Earlier this month, the White House announced that President Obama would be receiving a “transparency” award from good-government groups – a piece of news that was met with well-deserved mockery from the press. The White House responded by canceling the award ceremony without explanation.
But now Politico is reporting that Obama accepted the award this week in a secret, closed-door meeting with government transparency groups:
This time, Obama met quietly in the Oval Office with Gary Bass of OMB Watch, Tom Blanton of the National Security Archive, Danielle Brian of the Project on Government Oversight, Lucy Dalglish of the Reporters Committee for Freedom of the Press, and Patrice McDermott of OpenTheGovernment.org, without disclosing the meeting on his public schedule or letting photographers or print reporters into the room.

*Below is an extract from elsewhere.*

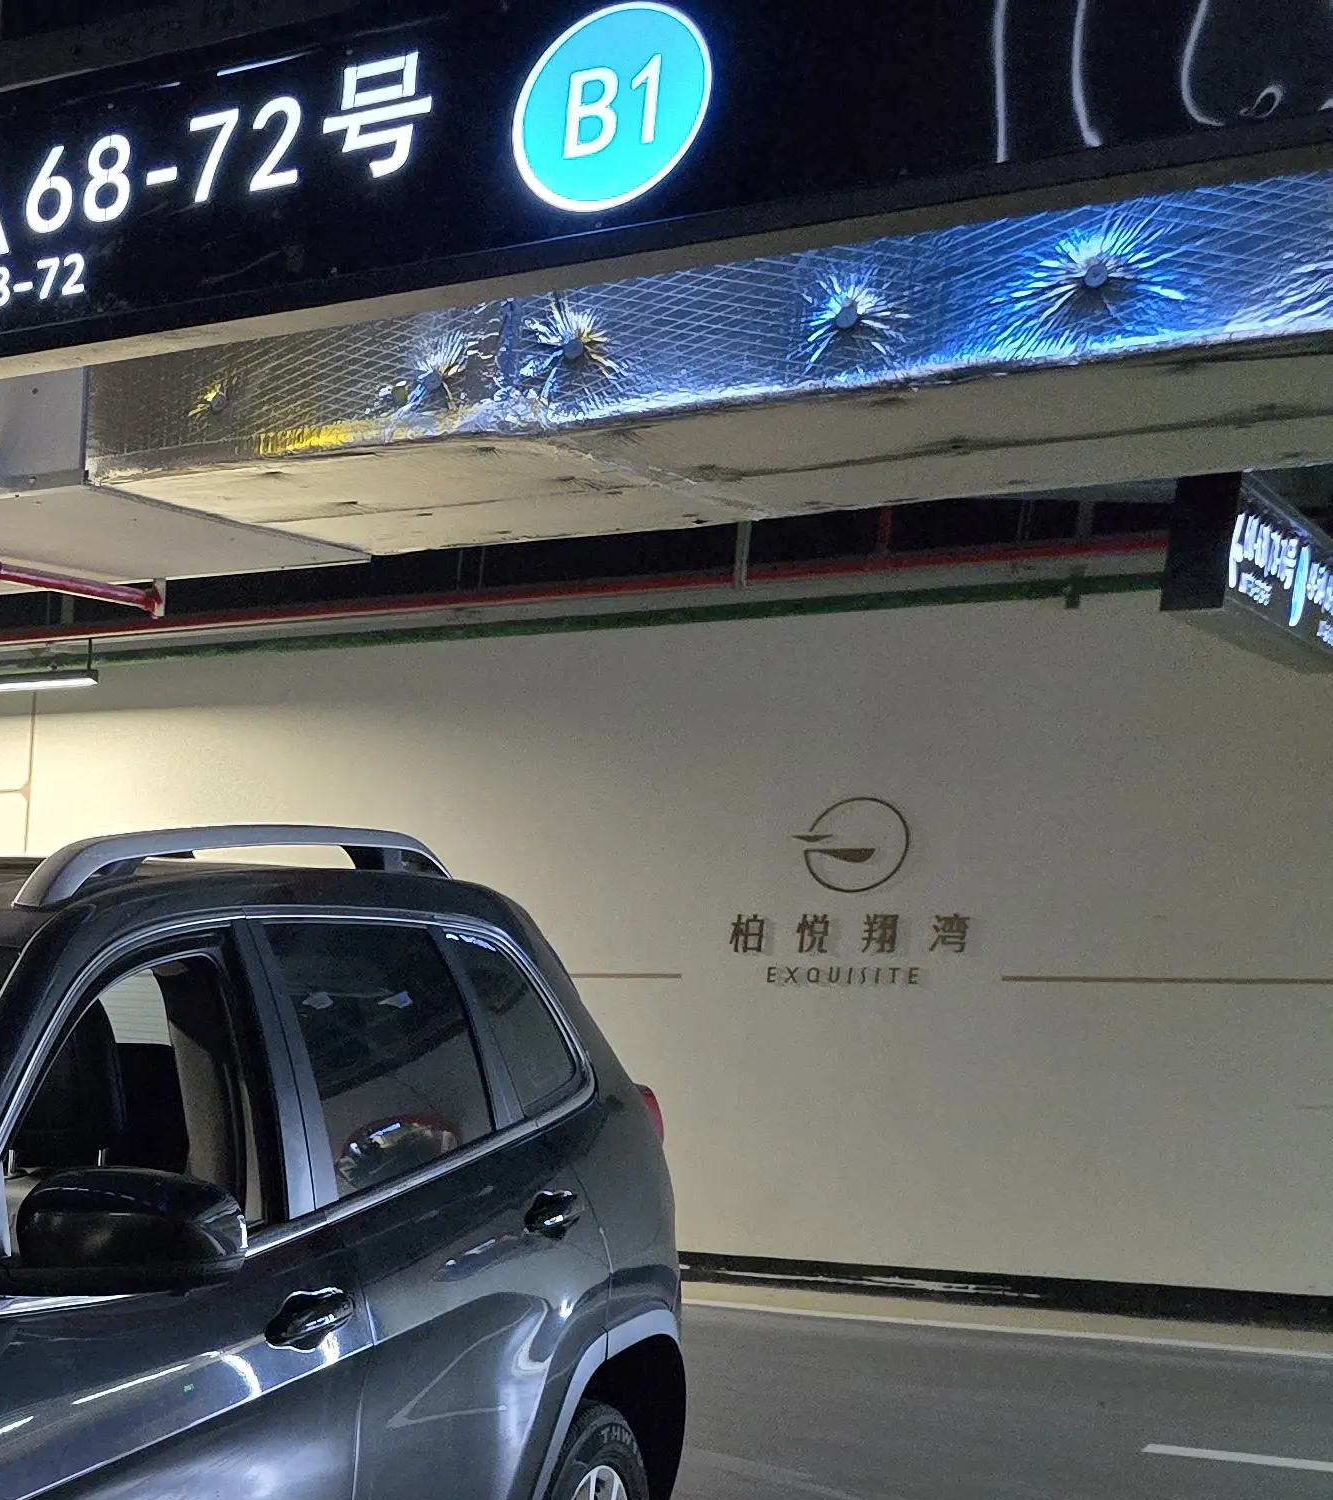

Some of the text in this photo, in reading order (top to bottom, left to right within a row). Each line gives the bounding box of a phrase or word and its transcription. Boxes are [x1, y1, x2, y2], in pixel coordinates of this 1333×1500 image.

[563, 52, 662, 160] B1
[729, 912, 970, 954] 柏悦翔湾
[766, 966, 921, 985] EXQUISITE
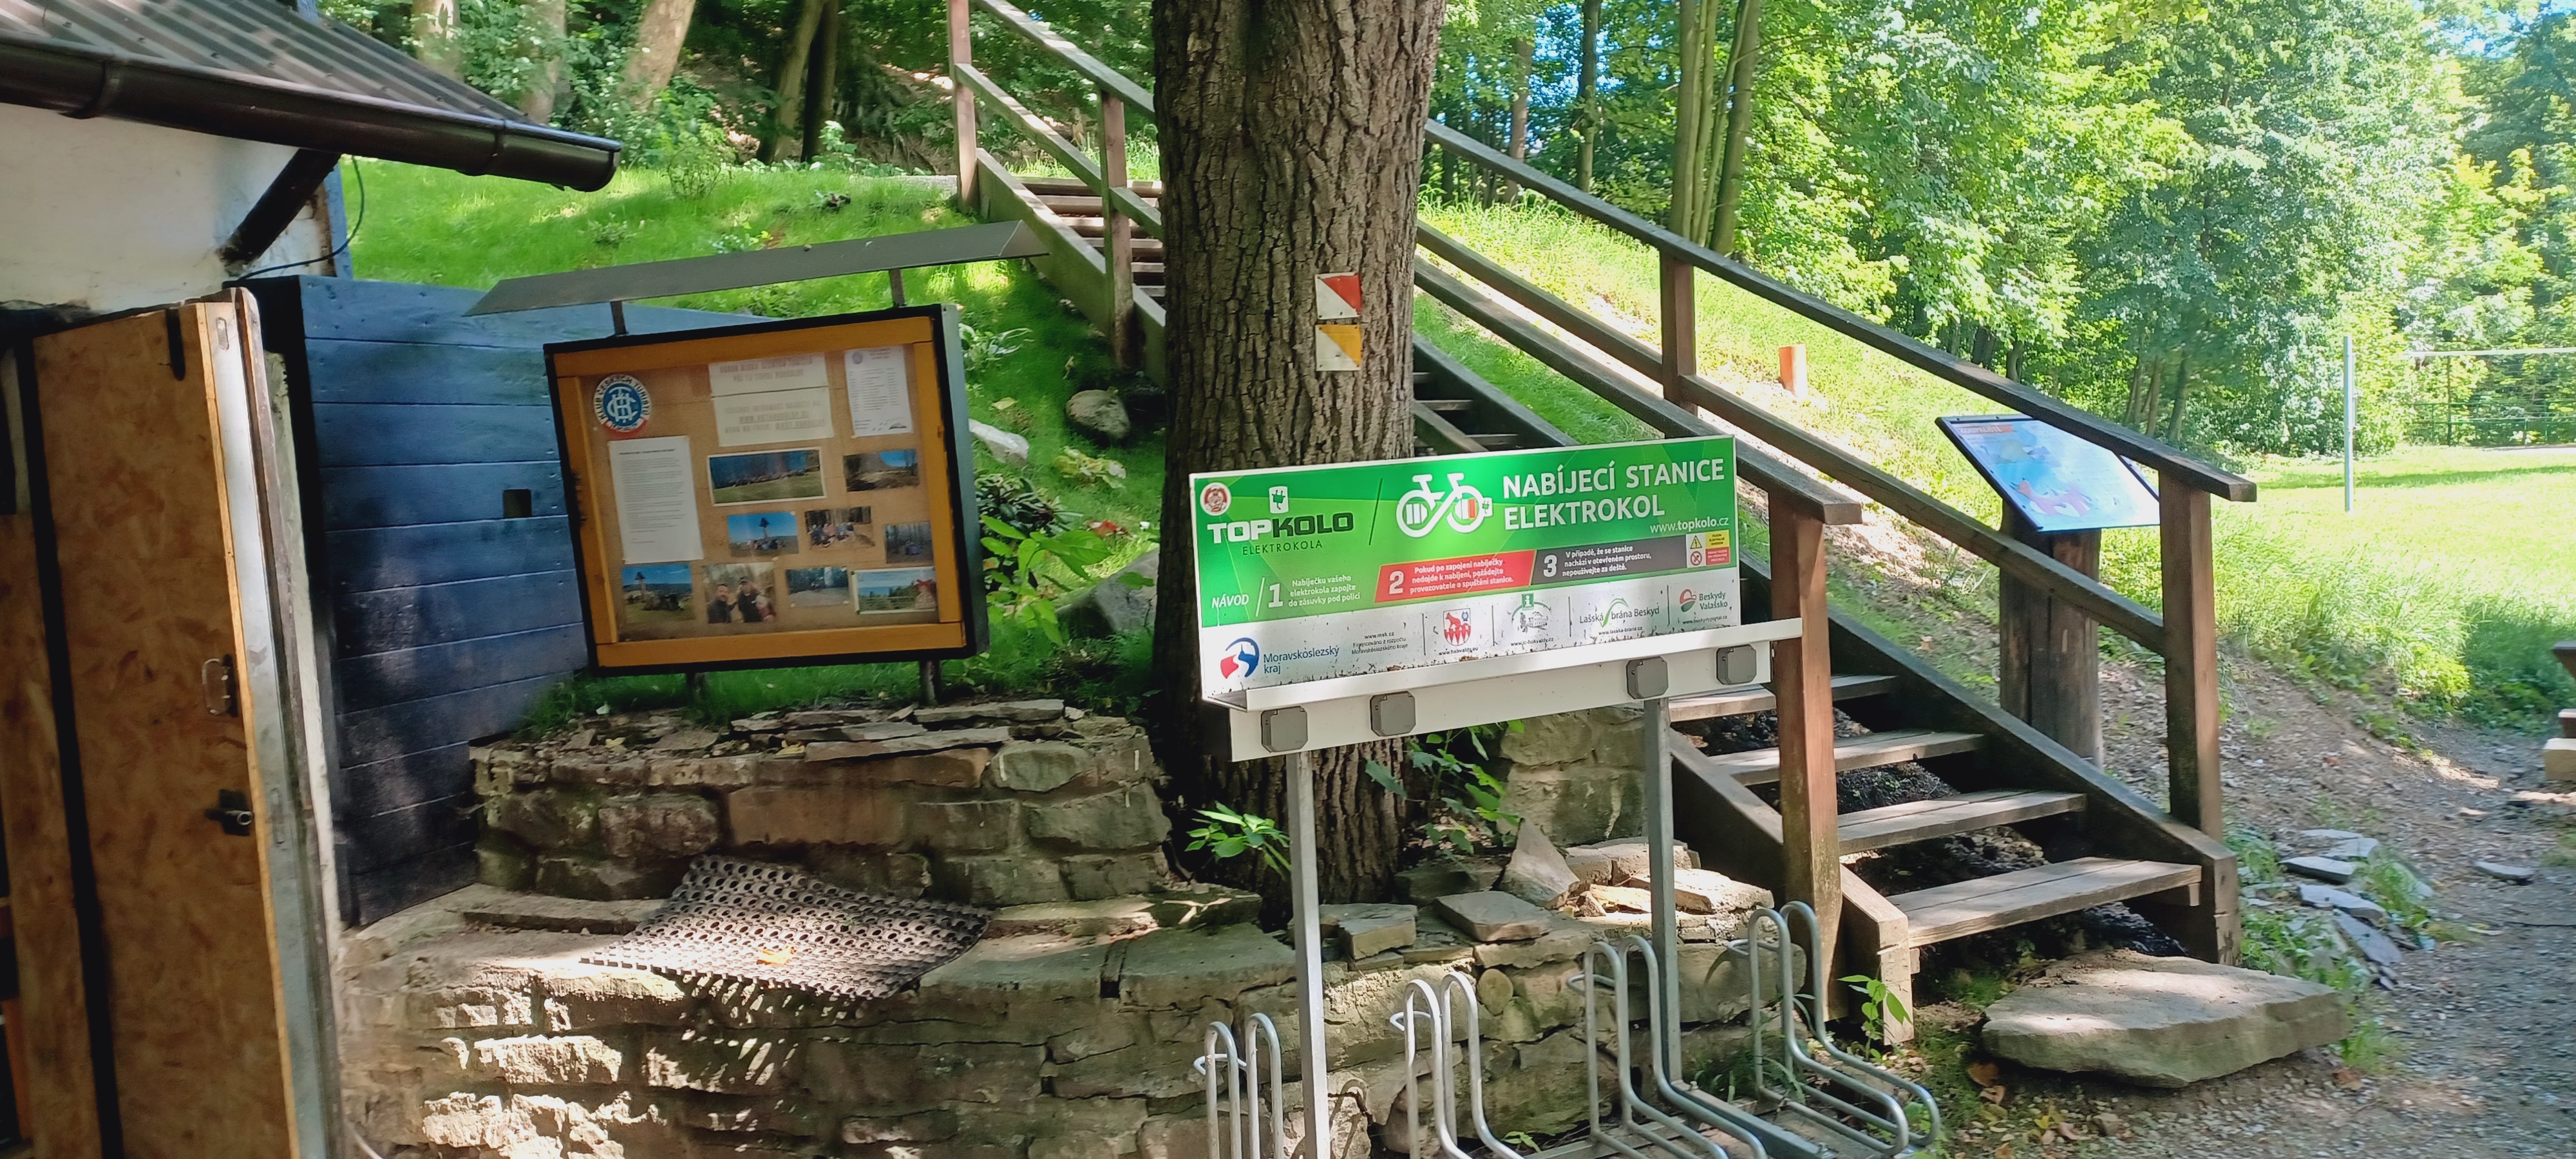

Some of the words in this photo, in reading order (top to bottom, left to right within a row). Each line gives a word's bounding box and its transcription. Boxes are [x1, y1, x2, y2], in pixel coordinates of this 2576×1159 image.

Obama’s timing could not have been more inopportune, as the House Government Reform and Oversight Committee starts investigating the administration’s foot-dragging on FOIA requests today. The president has received heavy criticism from reporters and open-government groups for his administration’s lack of transparency.
The director of one of these government watchdogs, Steve Aftergood of the Project on Government Secrecy at the Federation of American Scientists, told Politico that perhaps the award was meant to be “aspirational,” like the president’s premature Nobel Peace Prize. Maybe. Of course, considering Obama’s track record on the peace issue, that may not be the sort of comparison the president wants to encourage.